Exercise directions:
Copy the data precisely, character for character, and leave out every picture.

Data for processing:
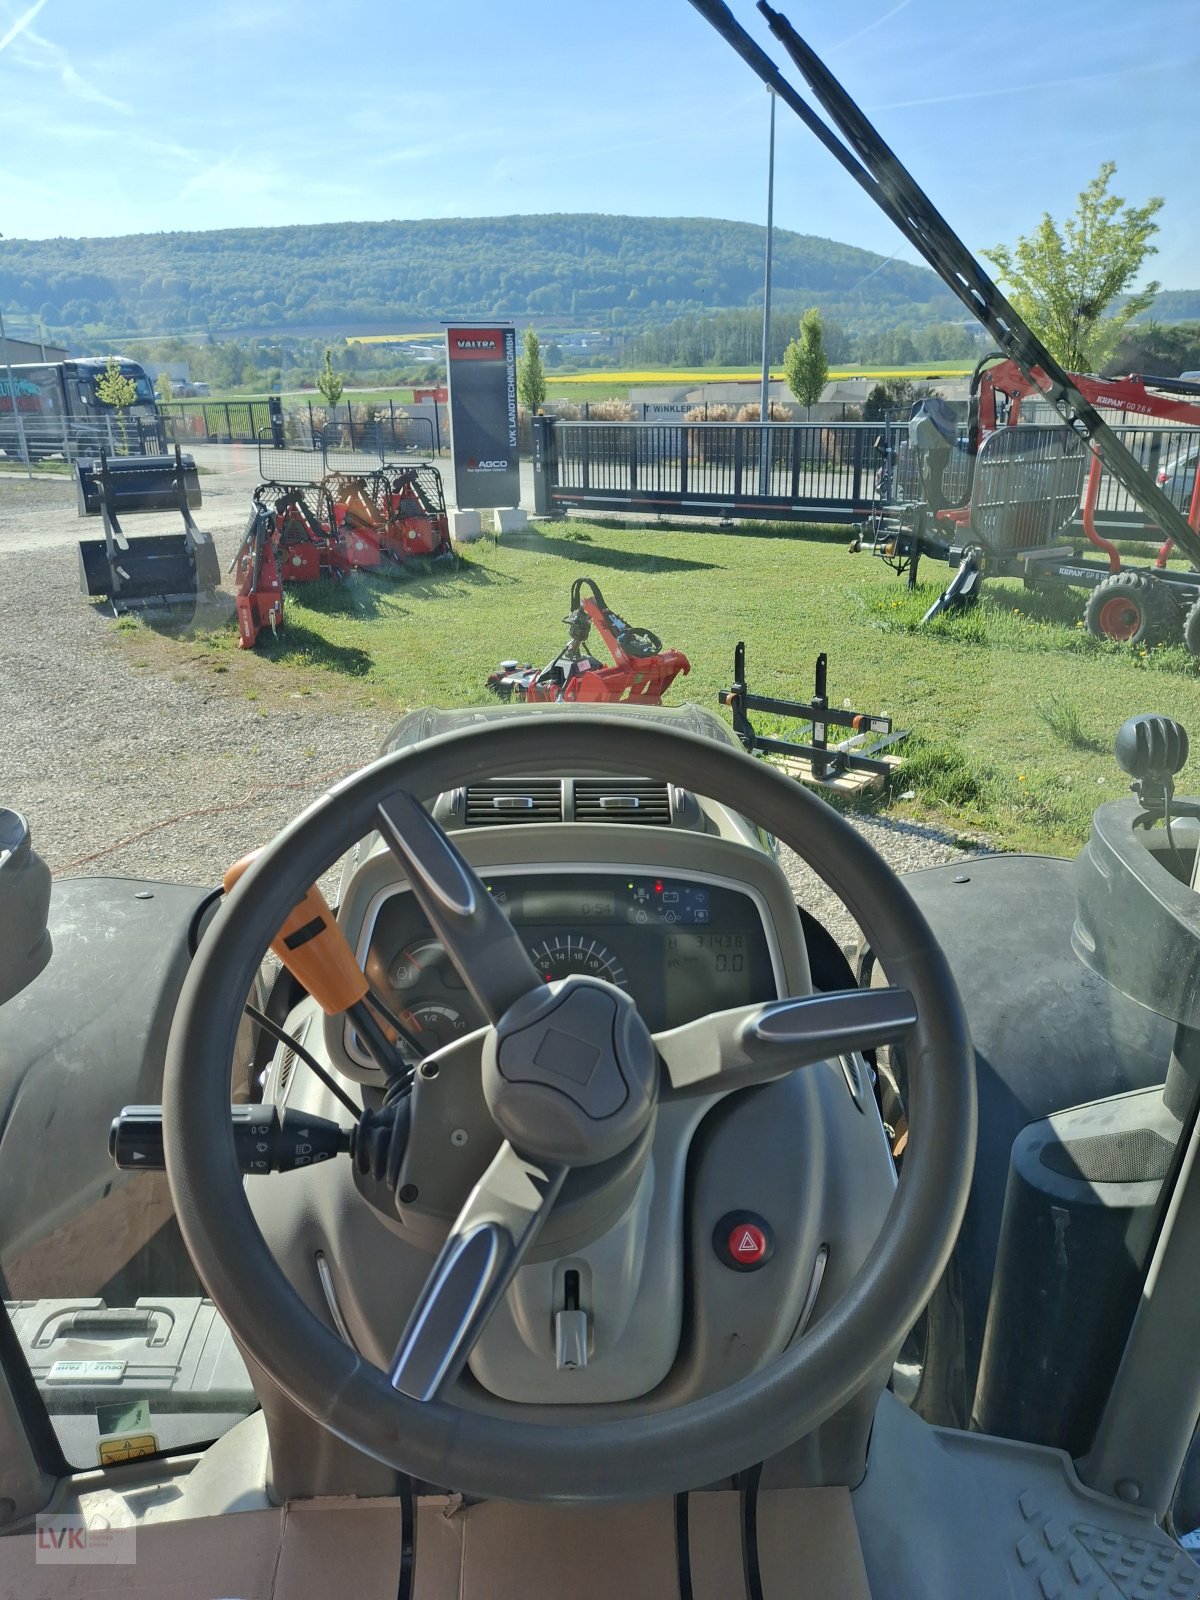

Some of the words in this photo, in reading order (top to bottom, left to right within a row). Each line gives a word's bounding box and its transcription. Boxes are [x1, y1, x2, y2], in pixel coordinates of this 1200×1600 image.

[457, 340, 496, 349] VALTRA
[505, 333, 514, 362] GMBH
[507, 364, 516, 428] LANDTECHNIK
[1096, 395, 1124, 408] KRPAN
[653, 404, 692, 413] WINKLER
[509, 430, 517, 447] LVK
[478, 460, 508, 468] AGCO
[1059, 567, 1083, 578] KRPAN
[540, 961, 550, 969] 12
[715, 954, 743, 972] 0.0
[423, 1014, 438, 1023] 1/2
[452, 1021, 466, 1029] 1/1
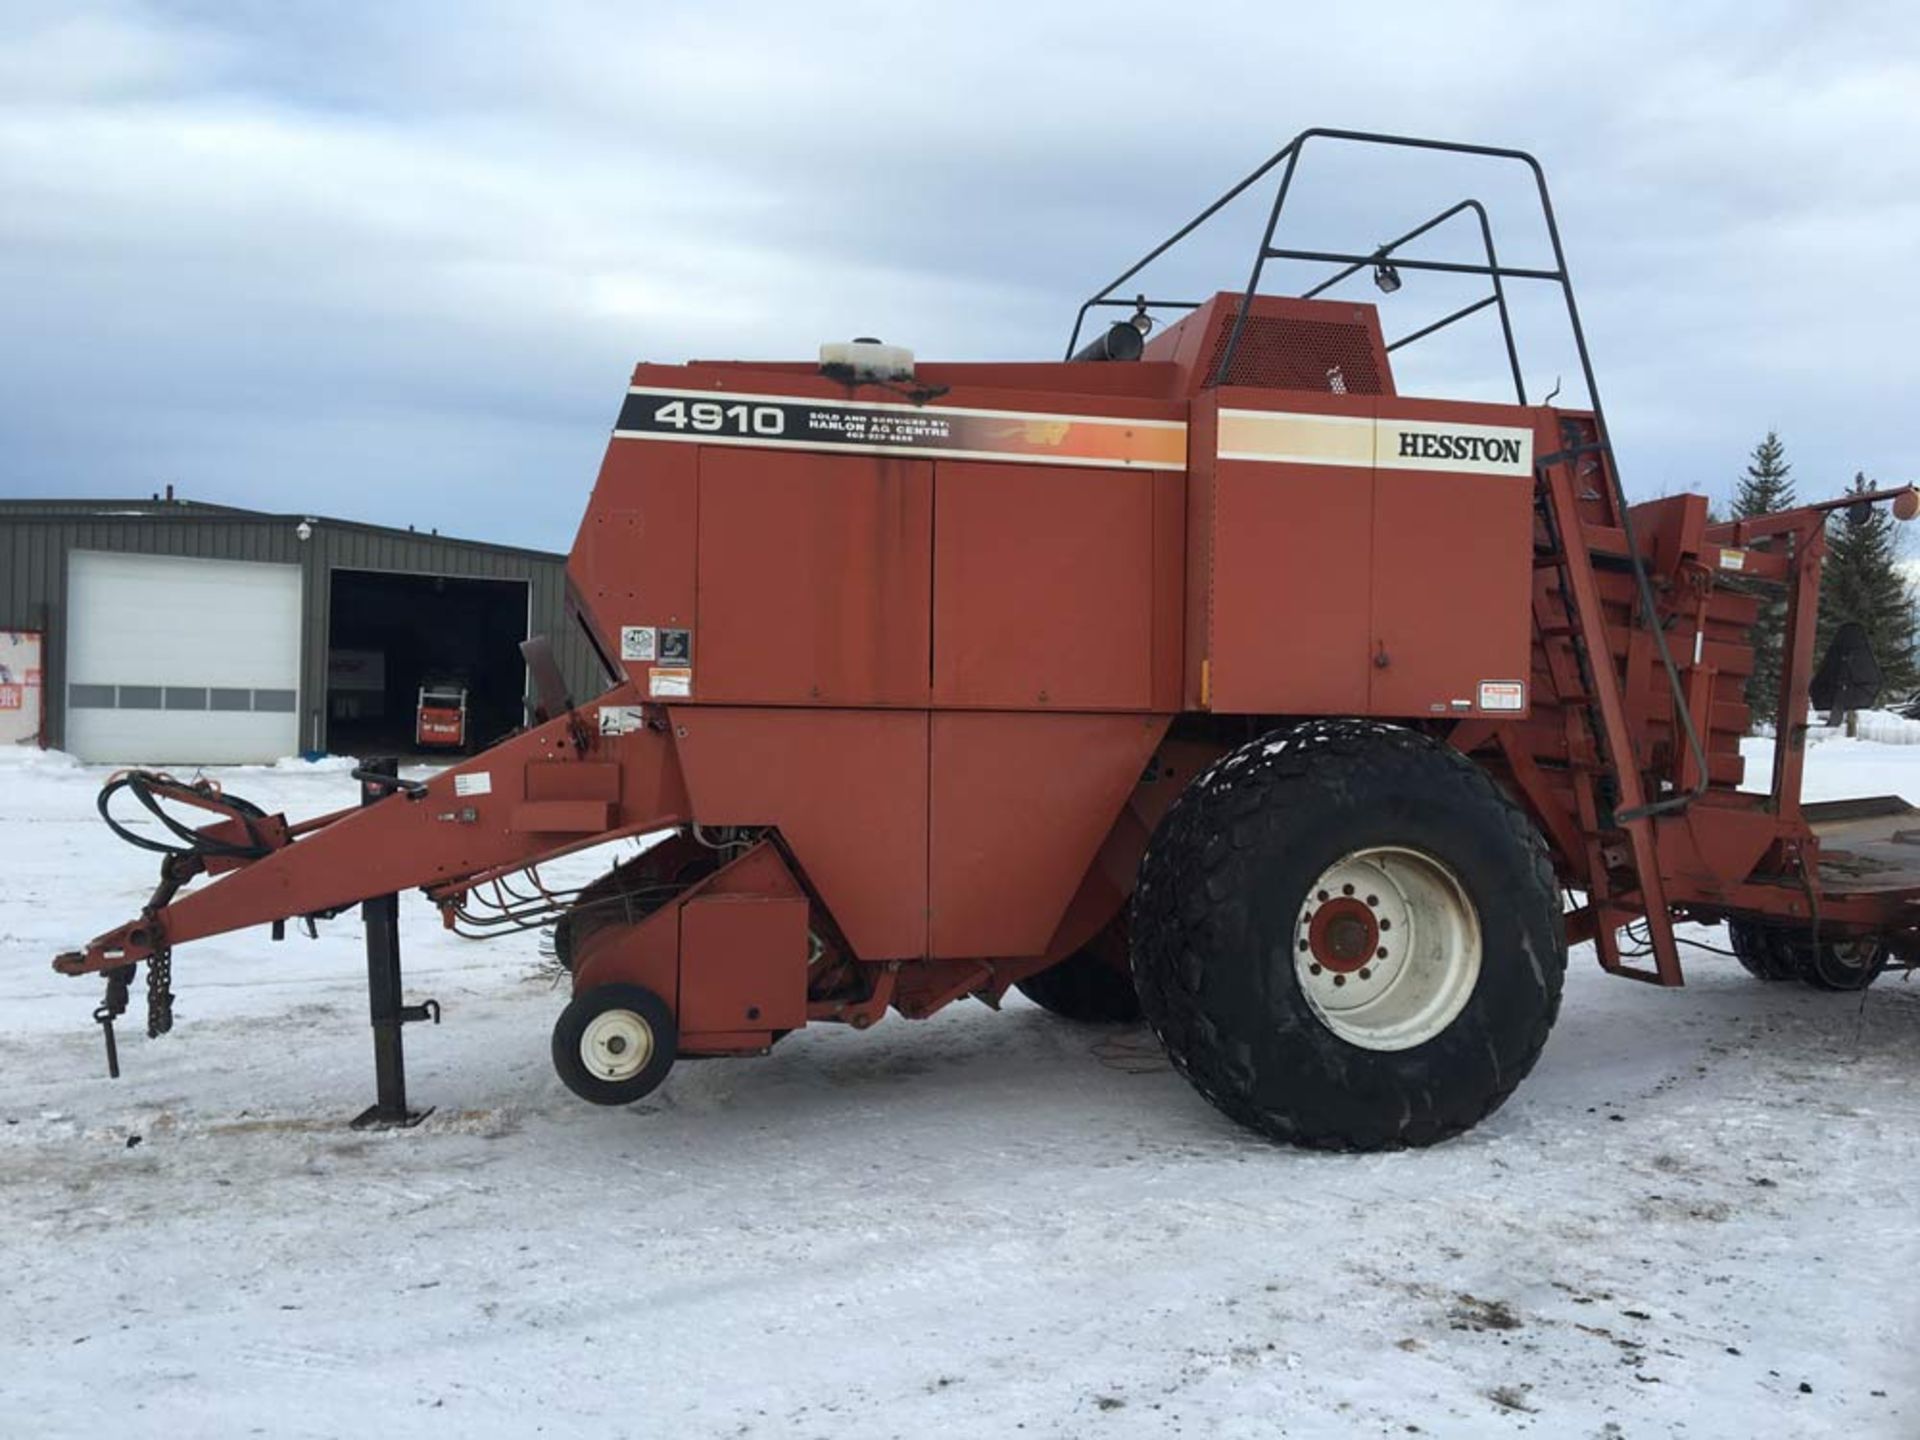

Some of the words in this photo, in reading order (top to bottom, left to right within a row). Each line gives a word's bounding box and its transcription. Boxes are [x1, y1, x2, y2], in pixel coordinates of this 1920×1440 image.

Task response:
Some of the words in this photo, in reading order (top to bottom, left to right within a row). Each line gives a word's bounding box and its transcription. Boxes are [x1, y1, x2, y2], in pixel coordinates of this 1200×1600 image.

[457, 340, 496, 349] VALTRA
[505, 333, 514, 362] GMBH
[507, 364, 516, 428] LANDTECHNIK
[1096, 395, 1124, 408] KRPAN
[653, 404, 692, 413] WINKLER
[509, 430, 517, 447] LVK
[478, 460, 508, 468] AGCO
[1059, 567, 1083, 578] KRPAN
[540, 961, 550, 969] 12
[715, 954, 743, 972] 0.0
[423, 1014, 438, 1023] 1/2
[452, 1021, 466, 1029] 1/1

Some of the words in this photo, in reading order (top to bottom, left to right within a row). Each line gives a word's bounding box and its transcription. Boxes are [x1, y1, x2, y2], in pixel coordinates of this 1920×1440 image.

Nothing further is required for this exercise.